Of the rookie QB class of 2006, Vince Young has the best record as a starter, surpassing the only other three starting rookie QB's: Matt Leinart, Jay Cutler, and Bruce Gradkowski. During the 2006 season, Vince Young led the Tennessee Titans to eight wins including six straight wins. He had a record of 8–5 as a starter. Of the wins, four of them were fourth quarter comebacks, including three straight fourth quarter comebacks. His passer rating was 66.7, which ranked 30th of 31 qualified quarterbacks in the NFL that season. Only Tampa Bay quarterback Bruce Gradkowski had a lower rating of 65.9.
Vince Young has also appeared on the cover of Sports Illustrated six times: once in the 2005 College Football season preview issue, on a December issue prior to the Big 12 Championship game versus Colorado, on the weekly edition after the 2006 Rose Bowl and also the Commemorative edition following the 2006 Rose Bowl, once for the 2006 NFL Draft preview issue, and most recently after the Titans won 4 straight games in the 2006 NFL season. Young's performance in his rookie season earned him the honor of being the cover athlete for the video game Madden NFL 08.

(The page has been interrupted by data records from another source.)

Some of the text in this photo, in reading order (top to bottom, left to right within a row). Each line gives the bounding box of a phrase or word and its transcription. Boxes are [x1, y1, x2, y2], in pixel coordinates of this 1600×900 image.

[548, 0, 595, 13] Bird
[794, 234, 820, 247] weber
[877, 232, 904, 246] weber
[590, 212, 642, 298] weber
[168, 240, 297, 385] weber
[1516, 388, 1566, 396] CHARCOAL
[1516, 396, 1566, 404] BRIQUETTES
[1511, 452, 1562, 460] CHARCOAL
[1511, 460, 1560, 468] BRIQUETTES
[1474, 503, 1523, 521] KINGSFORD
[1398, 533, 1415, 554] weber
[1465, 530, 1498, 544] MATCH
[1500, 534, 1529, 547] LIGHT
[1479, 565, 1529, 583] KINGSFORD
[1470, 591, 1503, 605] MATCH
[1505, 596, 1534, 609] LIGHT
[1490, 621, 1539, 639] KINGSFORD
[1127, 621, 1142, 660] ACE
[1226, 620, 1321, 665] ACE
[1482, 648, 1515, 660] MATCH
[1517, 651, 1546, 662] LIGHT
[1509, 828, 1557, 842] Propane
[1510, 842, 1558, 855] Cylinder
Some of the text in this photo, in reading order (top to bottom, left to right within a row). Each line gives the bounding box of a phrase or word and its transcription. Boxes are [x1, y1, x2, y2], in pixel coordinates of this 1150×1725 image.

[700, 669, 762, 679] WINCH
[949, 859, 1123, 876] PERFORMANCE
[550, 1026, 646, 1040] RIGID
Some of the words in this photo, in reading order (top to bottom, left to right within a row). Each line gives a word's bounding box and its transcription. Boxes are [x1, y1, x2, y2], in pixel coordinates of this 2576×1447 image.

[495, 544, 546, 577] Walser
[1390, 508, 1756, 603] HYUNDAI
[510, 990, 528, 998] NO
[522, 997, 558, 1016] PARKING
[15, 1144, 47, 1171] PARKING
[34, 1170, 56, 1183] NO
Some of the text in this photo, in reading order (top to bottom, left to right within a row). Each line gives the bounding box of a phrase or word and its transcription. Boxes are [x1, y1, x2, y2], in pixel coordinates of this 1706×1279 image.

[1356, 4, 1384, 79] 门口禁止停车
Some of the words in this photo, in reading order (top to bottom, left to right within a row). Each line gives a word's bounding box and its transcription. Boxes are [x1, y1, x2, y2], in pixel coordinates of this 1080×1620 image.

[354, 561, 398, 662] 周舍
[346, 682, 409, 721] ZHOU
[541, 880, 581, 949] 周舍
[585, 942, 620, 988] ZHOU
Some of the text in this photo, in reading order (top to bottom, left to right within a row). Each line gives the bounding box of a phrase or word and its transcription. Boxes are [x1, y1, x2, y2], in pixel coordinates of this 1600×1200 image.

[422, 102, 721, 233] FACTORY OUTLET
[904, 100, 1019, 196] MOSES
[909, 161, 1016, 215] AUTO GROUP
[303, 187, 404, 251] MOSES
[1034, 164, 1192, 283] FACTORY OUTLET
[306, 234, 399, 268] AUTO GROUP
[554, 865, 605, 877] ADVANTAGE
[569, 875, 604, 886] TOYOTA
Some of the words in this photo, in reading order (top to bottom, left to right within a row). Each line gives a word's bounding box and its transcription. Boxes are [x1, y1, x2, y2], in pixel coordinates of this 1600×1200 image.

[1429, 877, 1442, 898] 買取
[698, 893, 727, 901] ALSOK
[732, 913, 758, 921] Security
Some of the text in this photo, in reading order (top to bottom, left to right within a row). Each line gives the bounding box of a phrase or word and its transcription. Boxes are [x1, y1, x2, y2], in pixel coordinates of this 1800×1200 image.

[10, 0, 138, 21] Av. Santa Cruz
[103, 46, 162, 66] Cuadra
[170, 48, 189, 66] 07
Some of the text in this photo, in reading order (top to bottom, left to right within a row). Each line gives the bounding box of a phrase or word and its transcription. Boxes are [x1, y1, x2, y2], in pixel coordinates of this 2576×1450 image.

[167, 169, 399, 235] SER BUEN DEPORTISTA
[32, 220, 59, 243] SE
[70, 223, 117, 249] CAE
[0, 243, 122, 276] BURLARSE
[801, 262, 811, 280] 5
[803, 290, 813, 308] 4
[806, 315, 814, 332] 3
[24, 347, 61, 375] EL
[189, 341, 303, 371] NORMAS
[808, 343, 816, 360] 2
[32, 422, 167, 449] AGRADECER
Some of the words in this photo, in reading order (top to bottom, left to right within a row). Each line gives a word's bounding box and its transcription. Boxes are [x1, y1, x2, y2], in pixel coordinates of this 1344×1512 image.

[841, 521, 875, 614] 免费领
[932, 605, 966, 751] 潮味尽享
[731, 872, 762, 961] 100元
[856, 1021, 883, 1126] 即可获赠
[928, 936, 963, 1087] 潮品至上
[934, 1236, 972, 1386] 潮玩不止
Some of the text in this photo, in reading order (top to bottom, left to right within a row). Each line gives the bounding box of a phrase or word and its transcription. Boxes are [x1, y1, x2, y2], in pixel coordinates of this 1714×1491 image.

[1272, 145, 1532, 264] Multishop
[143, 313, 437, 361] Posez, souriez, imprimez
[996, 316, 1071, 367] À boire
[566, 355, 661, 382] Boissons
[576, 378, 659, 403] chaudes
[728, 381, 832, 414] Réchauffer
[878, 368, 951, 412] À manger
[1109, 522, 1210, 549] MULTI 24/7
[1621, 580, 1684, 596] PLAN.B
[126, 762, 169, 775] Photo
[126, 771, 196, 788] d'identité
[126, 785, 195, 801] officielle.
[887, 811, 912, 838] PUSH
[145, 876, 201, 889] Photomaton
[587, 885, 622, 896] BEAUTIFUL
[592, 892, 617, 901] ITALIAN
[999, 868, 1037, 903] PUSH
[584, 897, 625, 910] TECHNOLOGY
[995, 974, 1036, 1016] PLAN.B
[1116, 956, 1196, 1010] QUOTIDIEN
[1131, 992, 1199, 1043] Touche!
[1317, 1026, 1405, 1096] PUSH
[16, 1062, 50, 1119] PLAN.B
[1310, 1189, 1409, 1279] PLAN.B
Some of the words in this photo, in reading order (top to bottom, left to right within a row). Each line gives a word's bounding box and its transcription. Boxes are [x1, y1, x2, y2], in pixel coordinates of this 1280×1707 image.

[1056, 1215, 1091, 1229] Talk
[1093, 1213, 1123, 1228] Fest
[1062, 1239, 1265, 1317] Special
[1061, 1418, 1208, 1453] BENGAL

In 2006, Merril Hoge gained notoriety for acting as a vocal critic of Vince Young. Hoge's criticism began before the 2006 NFL draft, in which Young was drafted third overall by the Tennessee Titans, and continued throughout the season even as Young took command of a losing team, bringing the Titans within a game of an unlikely playoff berth. For his efforts, Vince Young was named the 2006 Rookie of the Year, far and away the favorite of the voters. Despite these achievements, Hoge continues to maintain that Young does not have the talent or skills to play in the NFL.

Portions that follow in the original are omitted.